The Communist Party's propaganda department decided to impose a six-point penalty on Lifeweek magazine after an investigation.
The propaganda department recently introduced the points system for the print media to tighten its control ahead of a crucial party congress this autumn. Media outlets can be closed if they incur a deficit of 12 points.
The magazine's executive editor, Miao Wei , was also disciplined with a 'serious internal warning'.
Disciplining of media officials ranges from 'internal criticism'; 'internal warning'; 'serious internal warning'; and removal from office and party membership.
In a reshuffle, two deputy editors were appointed recently to strengthen the editorial work.
In November the propaganda department and the media regulator ordered the magazine to reform after the publication of three issues seen as politically sensitive.
Lifeweek is run by the Sanlian Book Publication Group, a state-run publication giant.
In its October 30 issue the weekly ran a cover story on the 30th anniversary of the end of the Cultural Revolution, with a front-page picture of Mao Zedong's wife, Jiang Qing , standing trial. Jiang was part of the 'Gang of Four' who played a pivotal role in the 1966-76 turmoil.
In its September 11 issue it ran a lead story on the 30th anniversary of the death of Mao, with his image on the cover. And in its August 30 issue the cover story was on the 30th anniversary of the Tangshan earthquake, in which more than 200,000 died.

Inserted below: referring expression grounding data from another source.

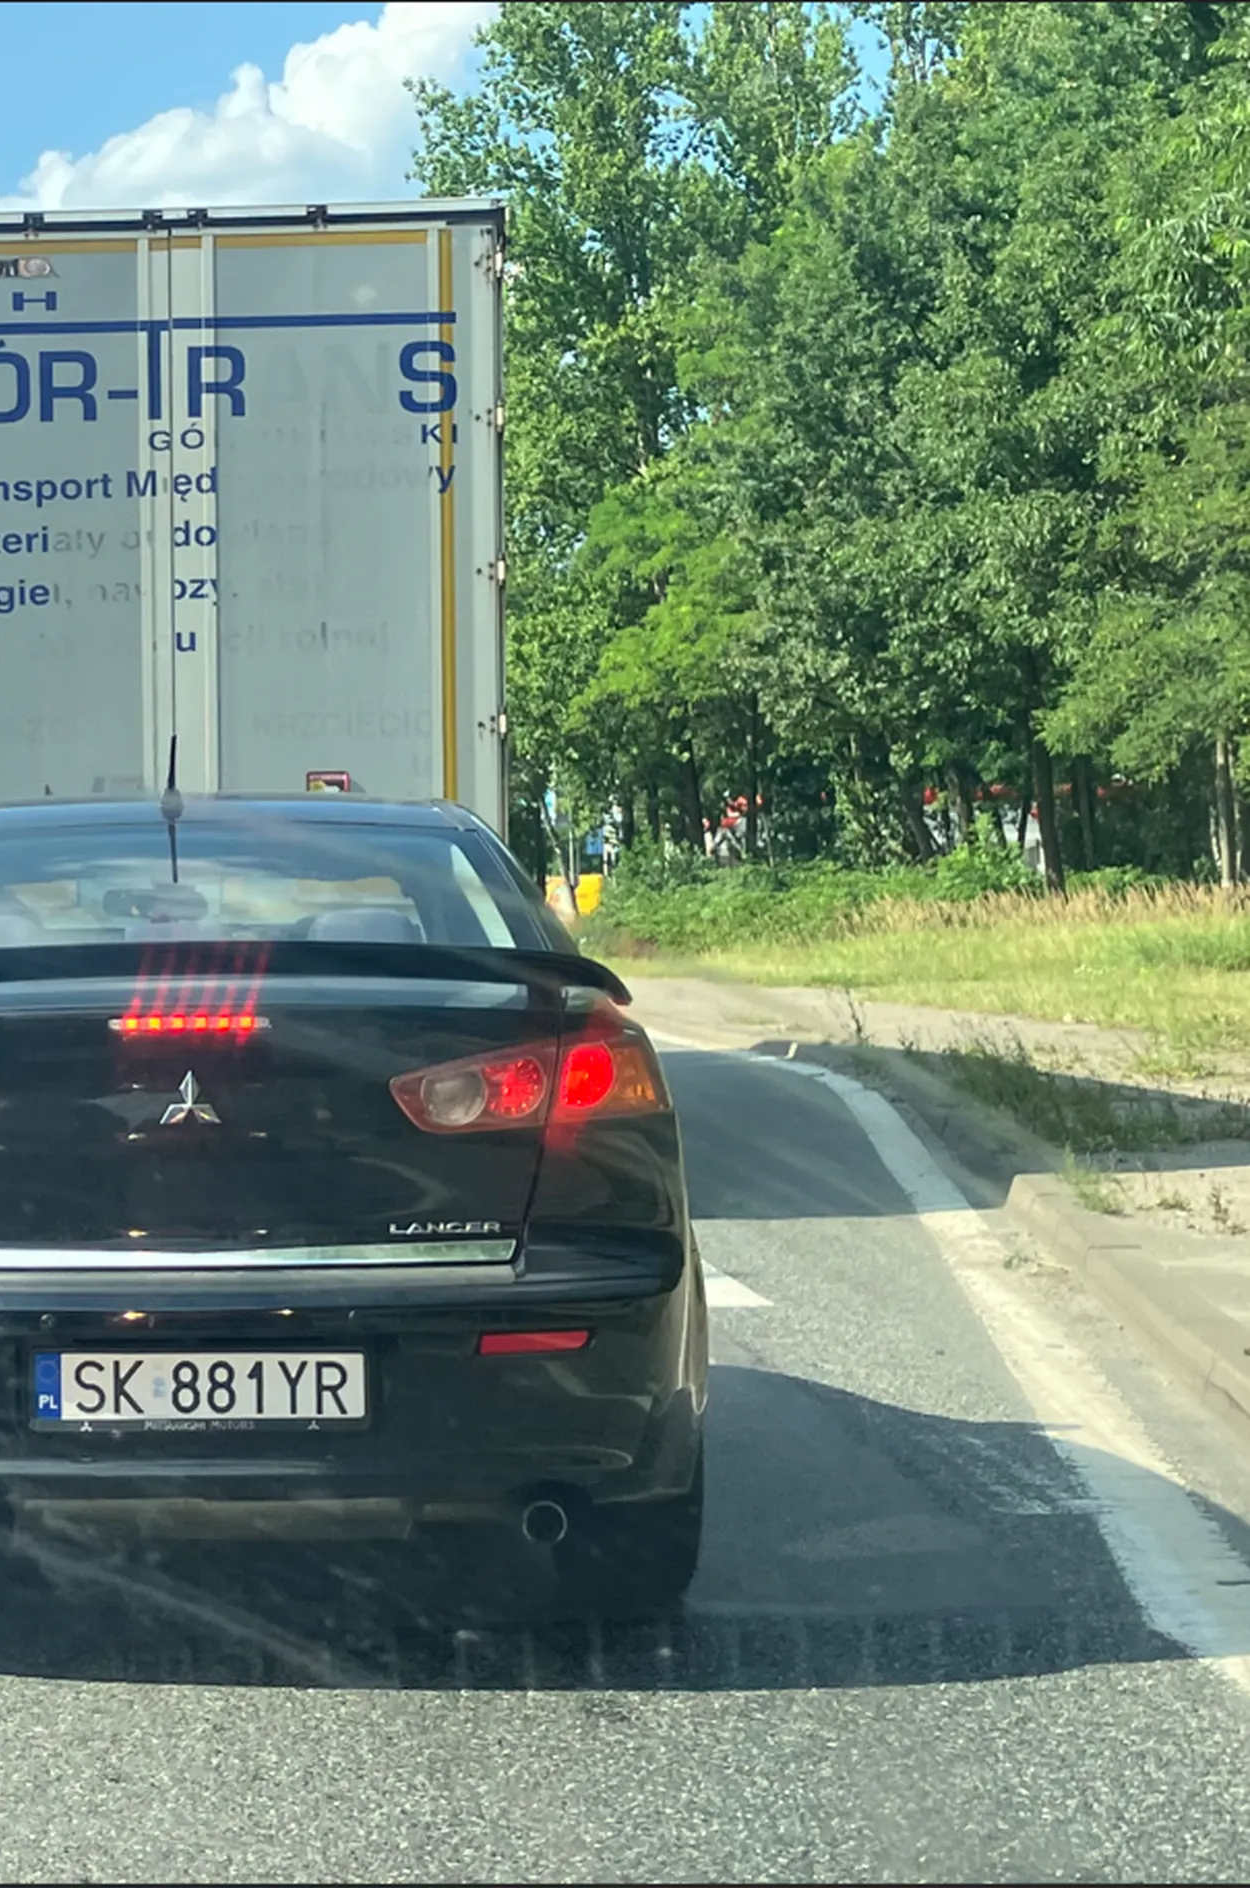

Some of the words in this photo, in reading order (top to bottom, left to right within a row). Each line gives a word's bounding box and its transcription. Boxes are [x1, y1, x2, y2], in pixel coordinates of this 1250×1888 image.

[388, 1220, 502, 1235] LANCER
[74, 1359, 145, 1414] SK
[170, 1359, 349, 1415] 881YR
[38, 1394, 59, 1410] PL
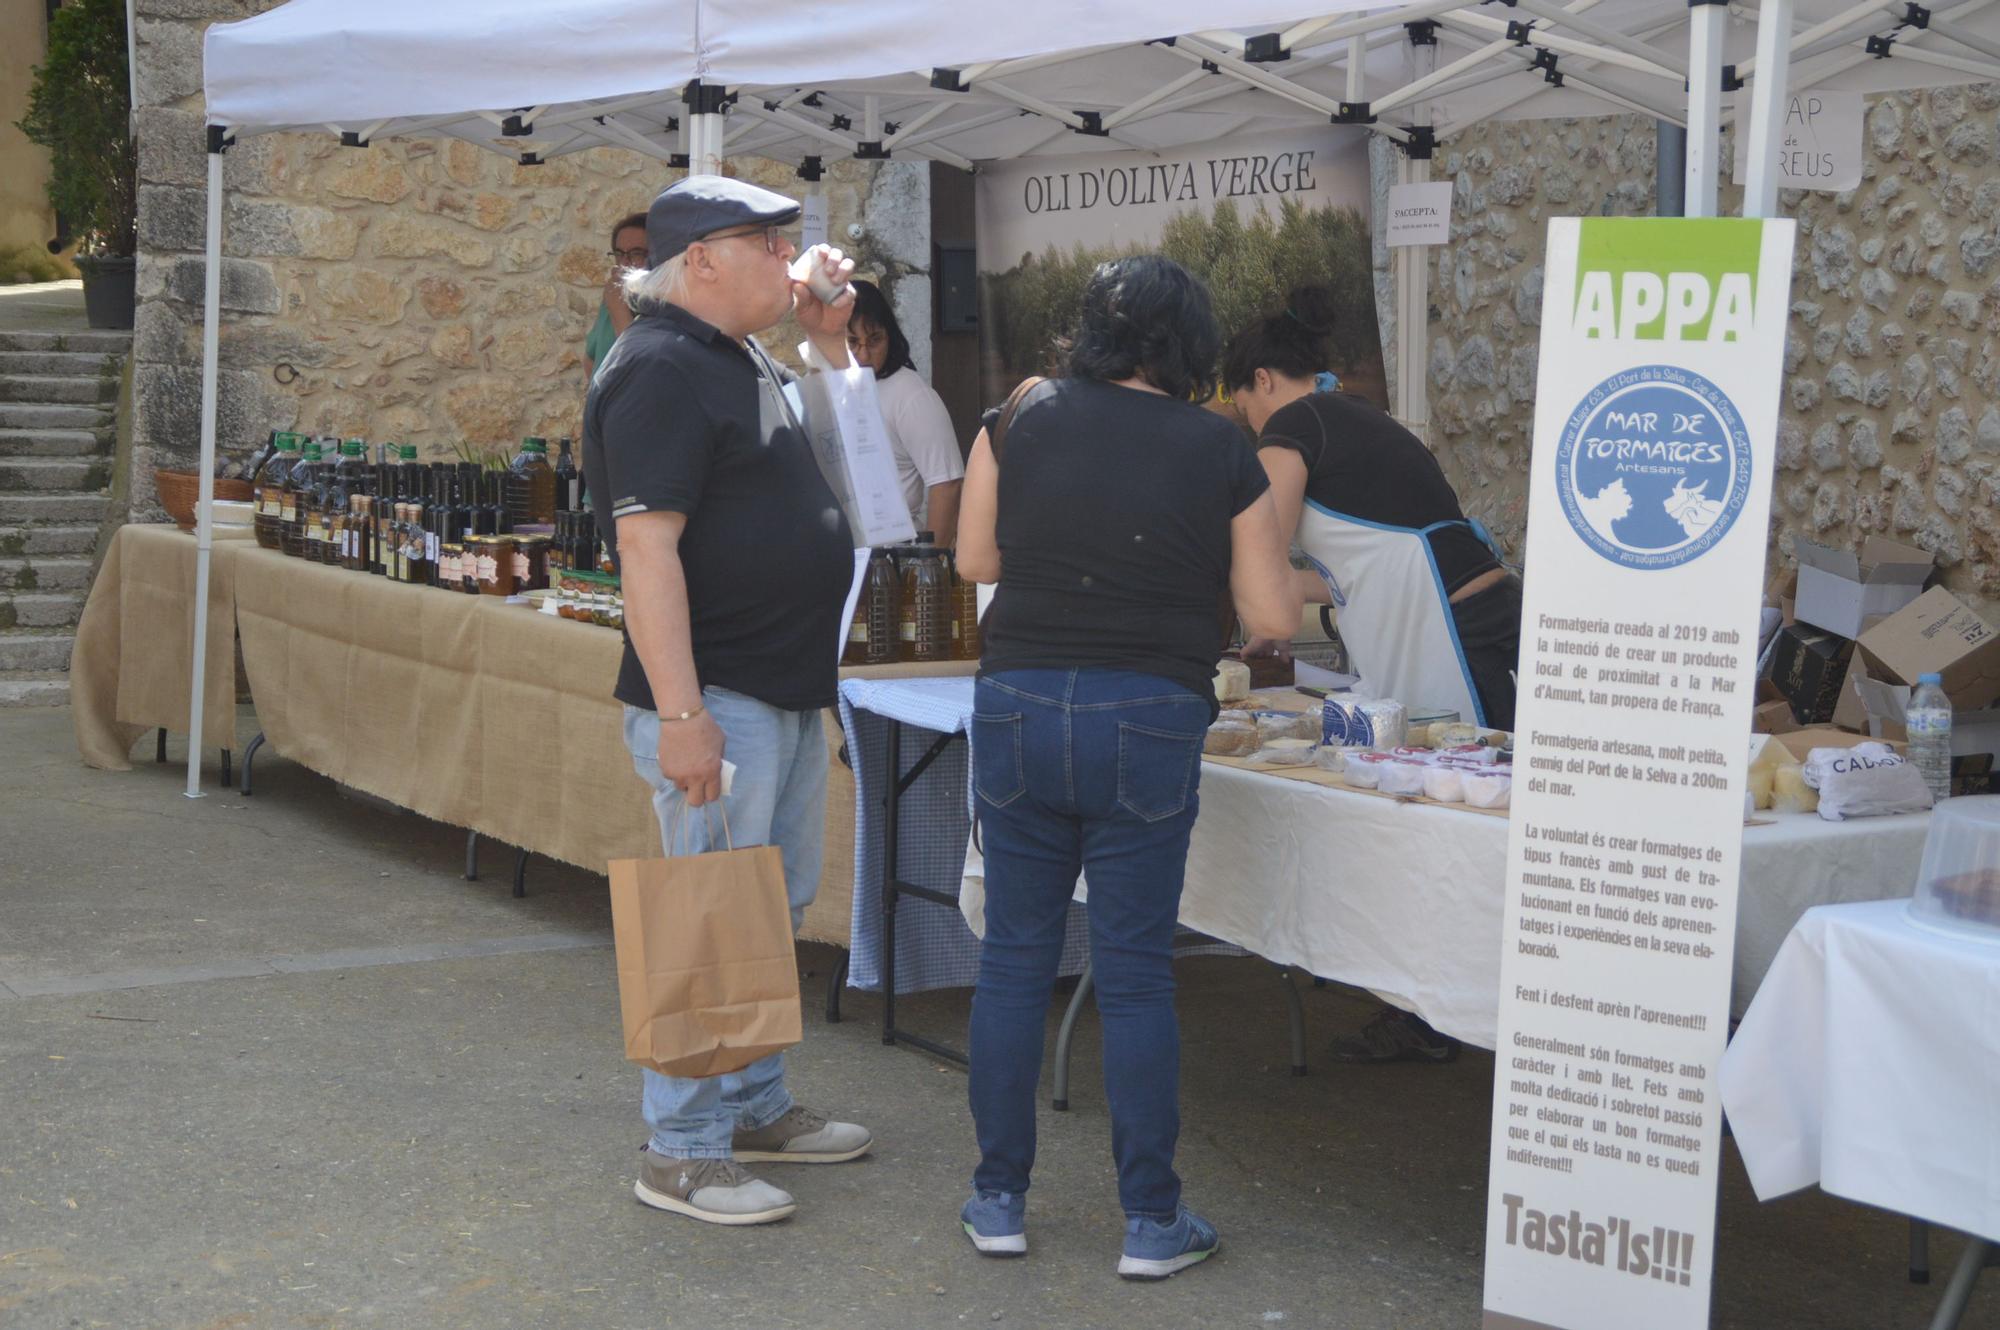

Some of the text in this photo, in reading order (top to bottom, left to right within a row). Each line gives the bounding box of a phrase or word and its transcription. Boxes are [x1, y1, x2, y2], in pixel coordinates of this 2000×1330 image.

[1785, 97, 1822, 125] AP
[1784, 134, 1798, 146] de
[1024, 150, 1316, 214] OLI D'OLIVA VERGE
[1572, 271, 1755, 341] APPA
[1607, 378, 1619, 393] El
[1653, 367, 1662, 380] la
[1588, 387, 1606, 407] 63
[1605, 411, 1706, 435] MAR DE
[1585, 437, 1723, 464] FORMATGES
[1733, 431, 1750, 456] 647
[1615, 462, 1686, 475] Artesans
[1736, 457, 1750, 483] 849
[1729, 485, 1747, 510] 750
[1538, 613, 1739, 644] Formatgeria creada al 2019 amb
[1537, 637, 1737, 669] la intenció de crear un producte
[1535, 660, 1736, 693] local de proximitat a la Mar
[1534, 684, 1724, 718] d'Amunt, tan propera de França.
[1531, 730, 1727, 767] Formatgeria artesana, molt petita,
[1528, 777, 1575, 796] del mar.
[1529, 755, 1727, 790] enmig del Port de la Selva a 200m
[1525, 823, 1722, 863] La voluntat és crear formatges de
[1523, 846, 1720, 886] tipus francès amb gust de tra-
[1522, 872, 1718, 910] muntana. Els formatges van evo-
[1520, 892, 1716, 934] lucionant en funció dels aprenen-
[1518, 938, 1559, 959] boració.
[1519, 916, 1554, 935] tatges
[1557, 921, 1561, 936] i
[1633, 935, 1648, 949] en
[1650, 935, 1661, 951] la
[1663, 940, 1690, 955] seva
[1692, 942, 1714, 958] ela-
[1515, 984, 1706, 1031] Fent i desfent aprèn l'aprenent!!!
[1513, 1031, 1706, 1079] Generalment són formatges amb
[1511, 1056, 1704, 1103] caràcter i amb llet. Fets amb
[1510, 1079, 1702, 1127] molta dedicació i sobretot passió
[1509, 1102, 1701, 1152] per elaborar un bon formatge
[1506, 1145, 1572, 1173] indiferent!!!
[1508, 1125, 1699, 1176] que el qui els tasta no es quedi
[1502, 1192, 1694, 1287] Tasta'ls!!!

In directives issued early last year the propaganda department demanded that media refrain from playing up such topics. It also asked media to limit coverage of such topics to Xinhua's official versions.
The editors of the magazine refused to comment, but a staff member said editorial work had returned to 'normal' after the propaganda department's decision.
'We were wondering what fate the publication would face and the recent decision gave many of us relief as the publication will continue to publish,' said a reporter. The Lifeweek reports contained little content seen as politically sensitive, but party officials insisted the topics were out of bounds.
Beijing recently tightened restrictions on freedom of expression and shut down publications that displayed signs of boldness in what propagandists said were steps needed to ensure a harmonious social environment ahead of the 17th Communist Party Congress. The event will see a leadership reshuffle and set the development agenda for five years.
The crackdown also highlights strict media controls heading into the 2008 Olympics.